DOHA

Exames ginecológicos forçados no aeroporto viram escândalo no Catar

Em 2 de outubro, agentes do aeroporto de Doha retiraram passageiras de um avião de um voo para Sydney, obrigando-as a fazer testes

Agência France-Presse
postado em 27/10/2020 09:11 / atualizado em 27/10/2020 09:12
 (crédito: AFP / KARIM JAAFAR)
(crédito: AFP / KARIM JAAFAR)

Doha, Catar — O escândalo de exames ginecológicos forçados em várias passageiras, após a descoberta de um bebê recém-nascido abandonado no aeroporto internacional de Doha, pode desferir um sério golpe nos esforços do rico país do Golfo para melhorar sua imagem antes da Copa do Mundo de 2022.

Em 2 de outubro, agentes do aeroporto de Doha retiraram passageiras de um avião de um voo para Sydney, obrigando-as a fazer testes para determinar se alguma havia dado à luz recentemente após a descoberta do recém-nascido abandonado nos banheiros.

Pequeno país do Golfo Pérsico muito rico em gás, o Catar ganhou prestígio internacional, devido aos investimentos em mídia, esporte e cultura. Em 2022, o emirado será o primeiro país árabe a sediar uma Copa do Mundo de Futebol.

Com sua frota ultramoderna e serviços de luxo, a companhia aérea nacional Qatar Airways é uma das mais prestigiadas do mundo e sua reputação também pode ser afetada pelo incidente, estima Mark Gell, fundador da Reputation Edge, empresa de consultoria de imagem.

"Foi responsabilidade da companhia aérea? Não sabemos. Mas isso pode ter um impacto sobre os negócios", disse à AFP.

A Austrália é um mercado particularmente importante para a Qatar Airways. Antes da pandemia de covid-19, a empresa operava em seis cidades do país. No pior da crise, até se gabou de repatriar australianos em perigo, quando seus concorrentes suspenderam os voos.

"Evitar a Qatar Airways"

Os australianos - especialmente as mulheres - certamente "evitarão a Qatar Airways como uma peste", disse Alex Oliver, diretor de pesquisa do instituto Lowy, de Sydney. "É uma decisão chocante de um país que gastou bilhões de dólares de dinheiro público para tentar dar a imagem de um Estado mais liberal", avaliou.
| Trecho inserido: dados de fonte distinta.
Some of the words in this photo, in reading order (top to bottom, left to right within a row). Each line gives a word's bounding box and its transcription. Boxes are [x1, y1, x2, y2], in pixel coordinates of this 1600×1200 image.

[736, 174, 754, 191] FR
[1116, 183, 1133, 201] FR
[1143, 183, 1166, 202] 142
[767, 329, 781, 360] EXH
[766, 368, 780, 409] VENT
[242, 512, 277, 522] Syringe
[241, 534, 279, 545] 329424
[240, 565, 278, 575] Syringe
O Catar é regido pela lei islâmica, que pune com prisão mulheres que engravidam, ou fazem sexo fora do casamento. Ativistas há muito defendem a descriminalização dos "casos de amor", que envolvem  

mulheres, especialmente imigrantes, que engravidaram fora do casamento.

Elas geralmente dão à luz sem a ajuda de médicos, que são obrigados a notificar esses casos em um país de 2,75 milhões de habitantes, onde 90% da população é estrangeira.
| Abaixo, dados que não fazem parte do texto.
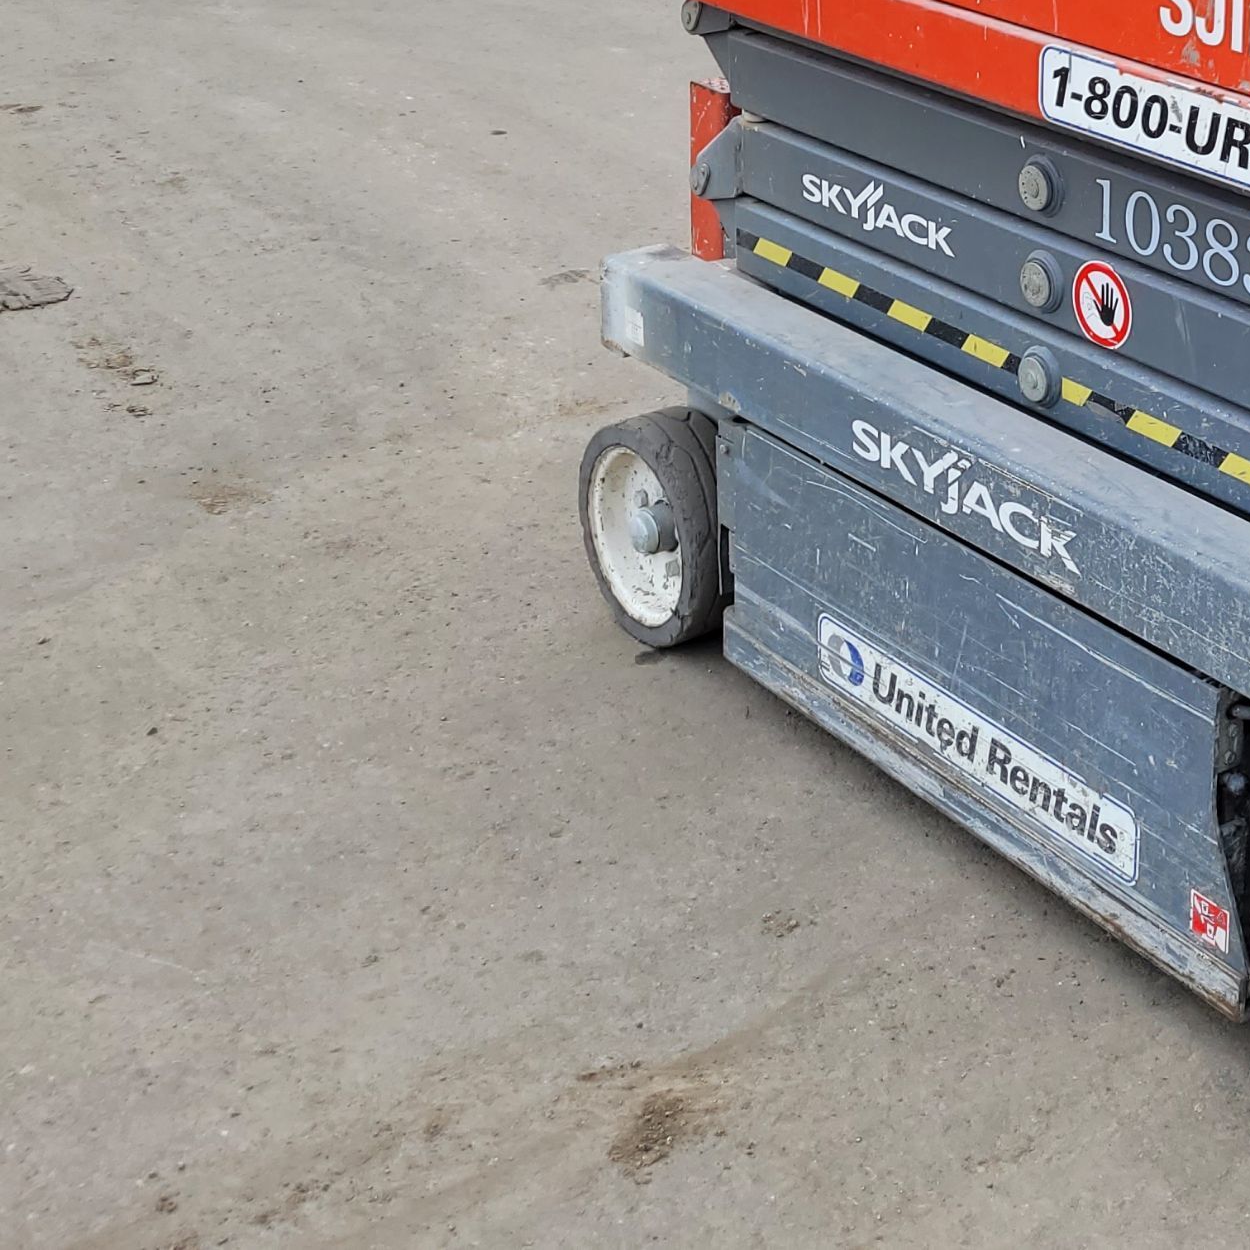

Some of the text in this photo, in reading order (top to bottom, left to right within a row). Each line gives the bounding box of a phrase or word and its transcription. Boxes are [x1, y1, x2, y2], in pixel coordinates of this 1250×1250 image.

[802, 173, 955, 258] SKYJACK
[851, 419, 1081, 577] SKYJACK
[872, 663, 1118, 855] United Rentals
O Catar deveria "examinar a política que levou a este evento (o abandono do bebê, NDLR) em primeiro lugar", afirmou a ONG Human Rights Watch à AFP.

"Traída"

Apesar de seus esforços de comunicação, não é a primeira vez que o Catar vê sua imagem afetada. O país é regularmente criticado pelas condições de trabalho dos migrantes, principalmente daqueles contratados para trabalhar em sites de futebol da Copa.

O país também é frequentemente criticado por financiar o jihadismo, apoiar a Irmandade Muçulmana e criminalizar a homossexualidade.

O governo do Catar não reagiu ao incidente no aeroporto, apesar da reação furiosa da chanceler australiana, Marise Payne, que chamou o incidente de "extremamente perturbador, chocante, preocupante".

A direção do aeroporto não pediu desculpas, mas afirmou que o bebê está vivo e em tratamento.

"As pessoas que tiveram acesso à área específica do aeroporto onde o recém-nascido foi encontrado foram convidadas a auxiliar na investigação", afirmou em nota.

Para Oliver, essa reação "tão dura e intransigente" contrasta com as ambições de um país que se preocupa principalmente com sua imagem internacional.

"Não consigo parar de pensar nas minhas filhas, se elas estivessem naquele avião", disse à AFP uma expatriada que mora em Doha, que pediu anonimato por temer represálias. "Isso me deixa doente, me sinto traída pelo país onde moro", acrescentou.